**EXERCISE GOAL**:
Repeat every line of the data exactly; the pictures stay out.

Annotated photo localization data
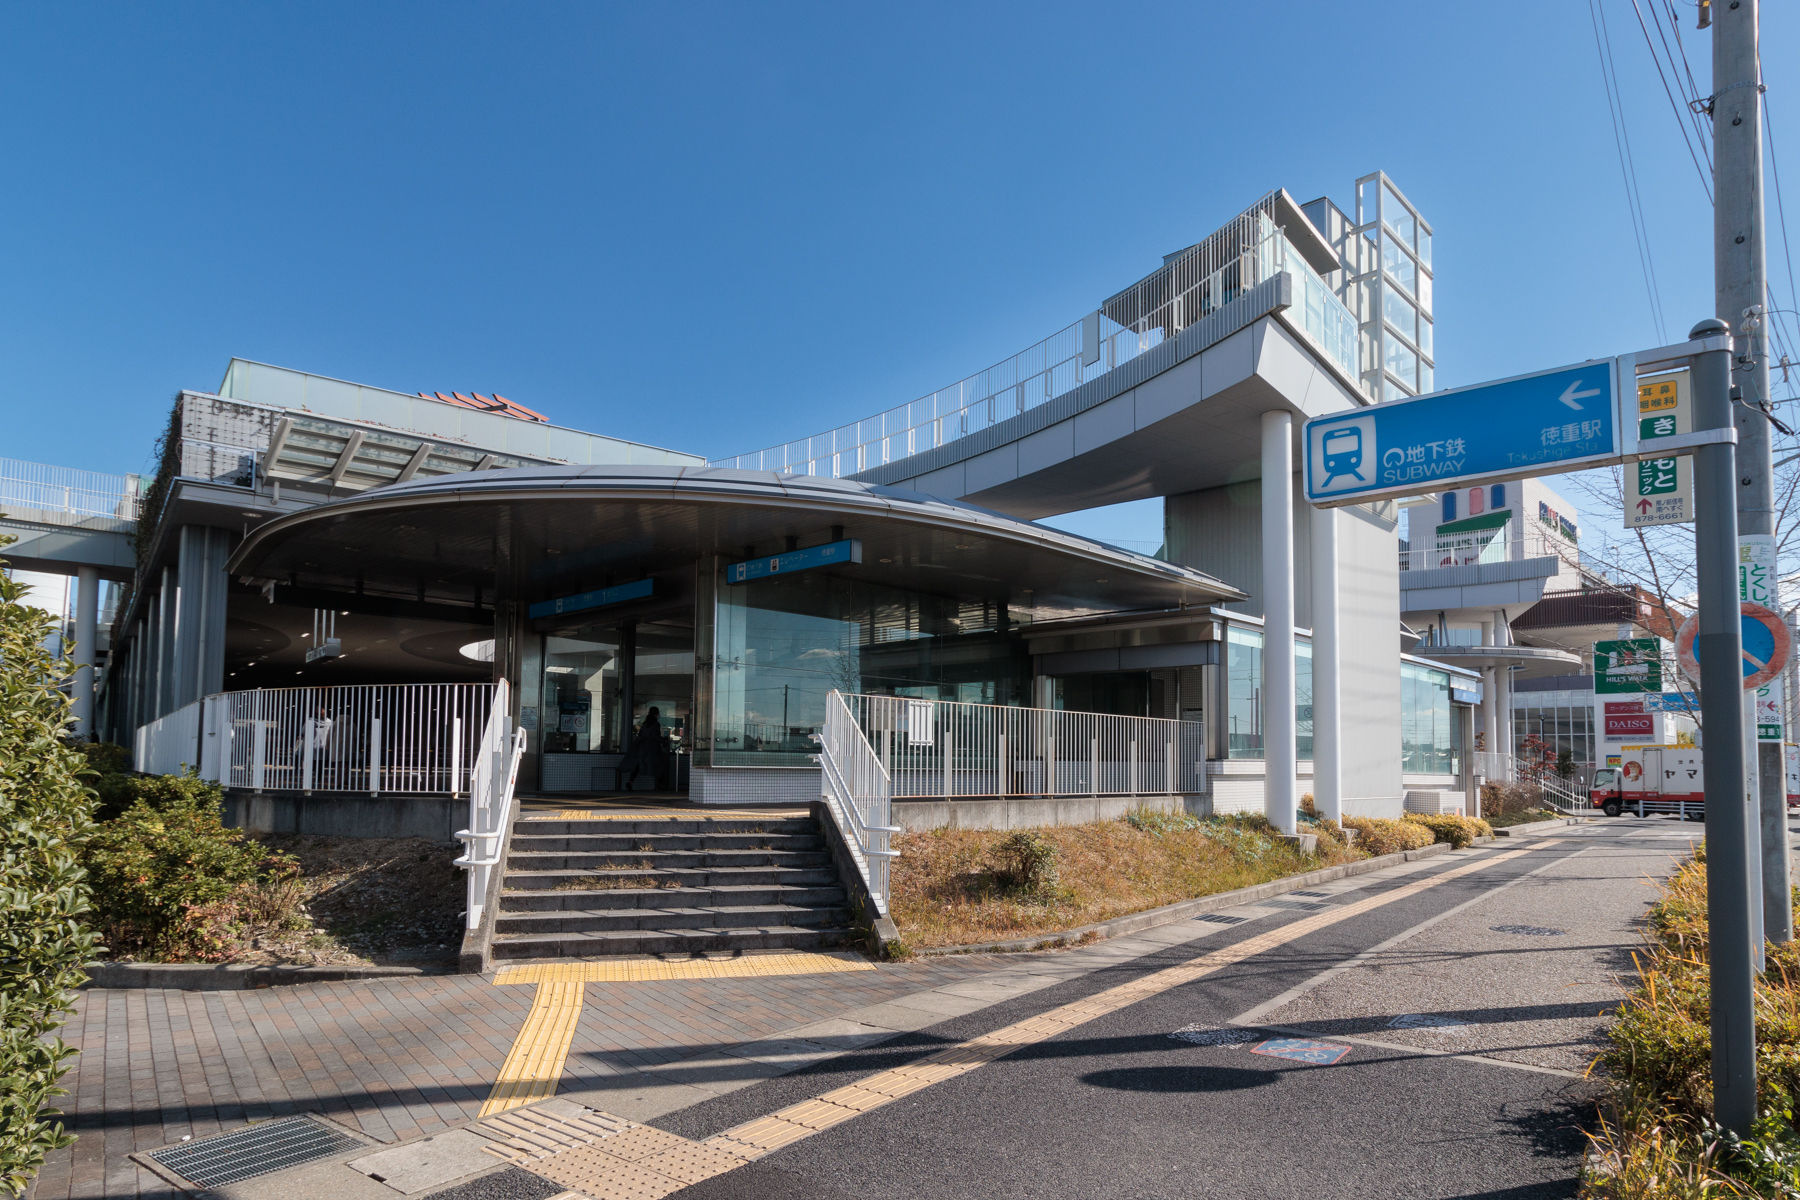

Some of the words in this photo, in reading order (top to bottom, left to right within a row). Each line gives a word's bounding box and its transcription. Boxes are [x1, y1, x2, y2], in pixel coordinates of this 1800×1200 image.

[1540, 419, 1602, 446] 徳重駅
[1406, 438, 1466, 463] 地下鉄
[1506, 446, 1571, 464] Tokushige
[1383, 458, 1466, 484] SUBWAY
[1634, 512, 1683, 523] 878-6661
[1609, 720, 1650, 728] DAISO
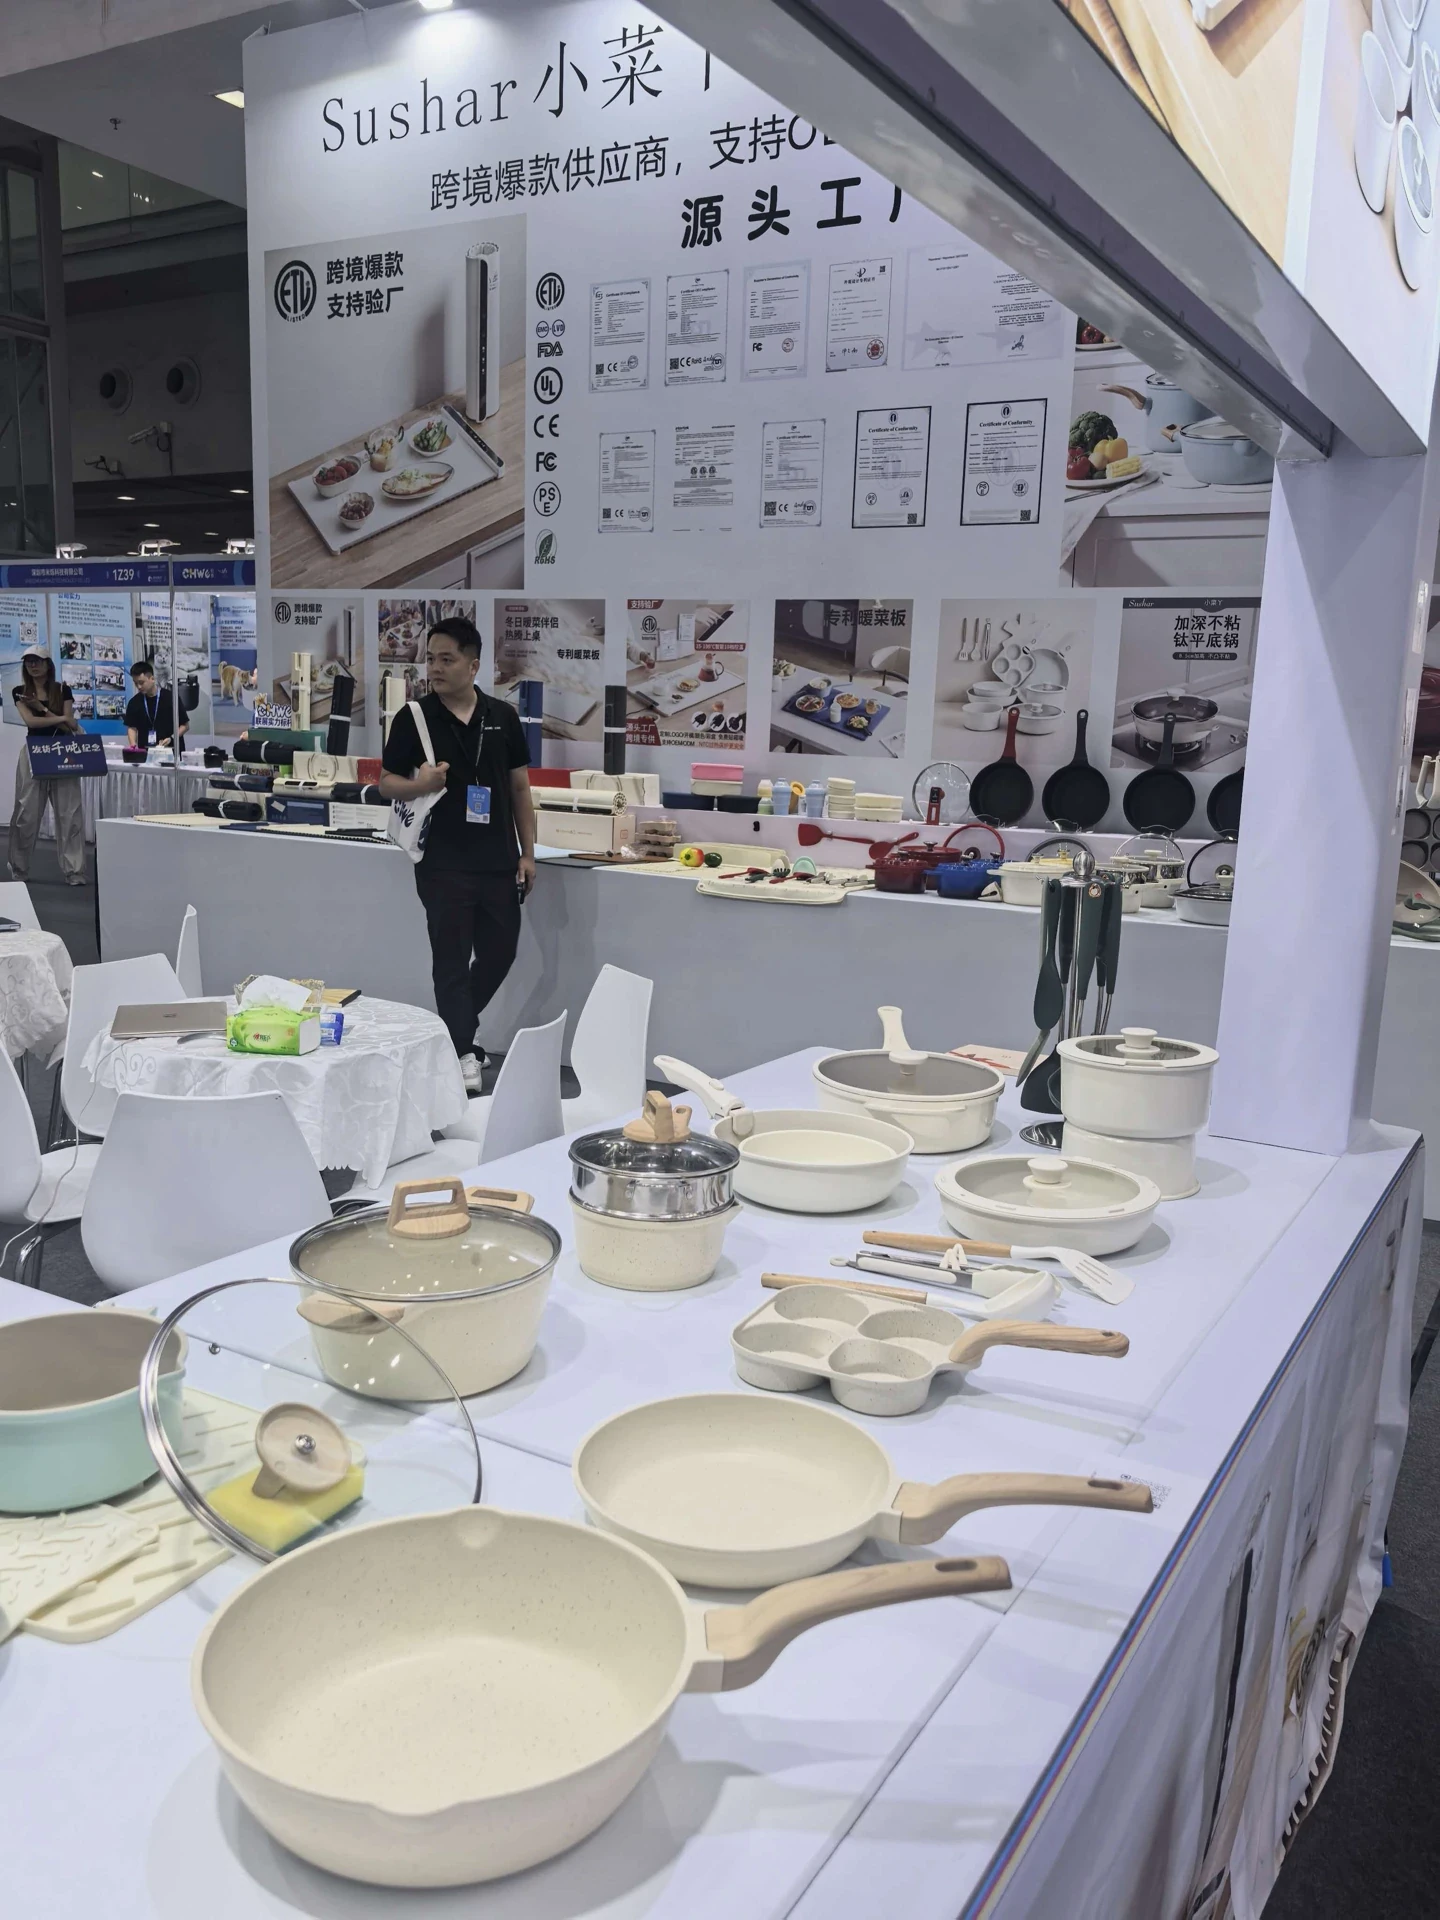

**ANSWER TO THE PROBLEM**:
Some of the words in this photo, in reading order (top to bottom, left to right within a row). Each line gives a word's bounding box and its transcription. Boxes are [x1, y1, x2, y2], in pixel coordinates of this 1800×1200 image.

[1540, 419, 1602, 446] 徳重駅
[1406, 438, 1466, 463] 地下鉄
[1506, 446, 1571, 464] Tokushige
[1383, 458, 1466, 484] SUBWAY
[1634, 512, 1683, 523] 878-6661
[1609, 720, 1650, 728] DAISO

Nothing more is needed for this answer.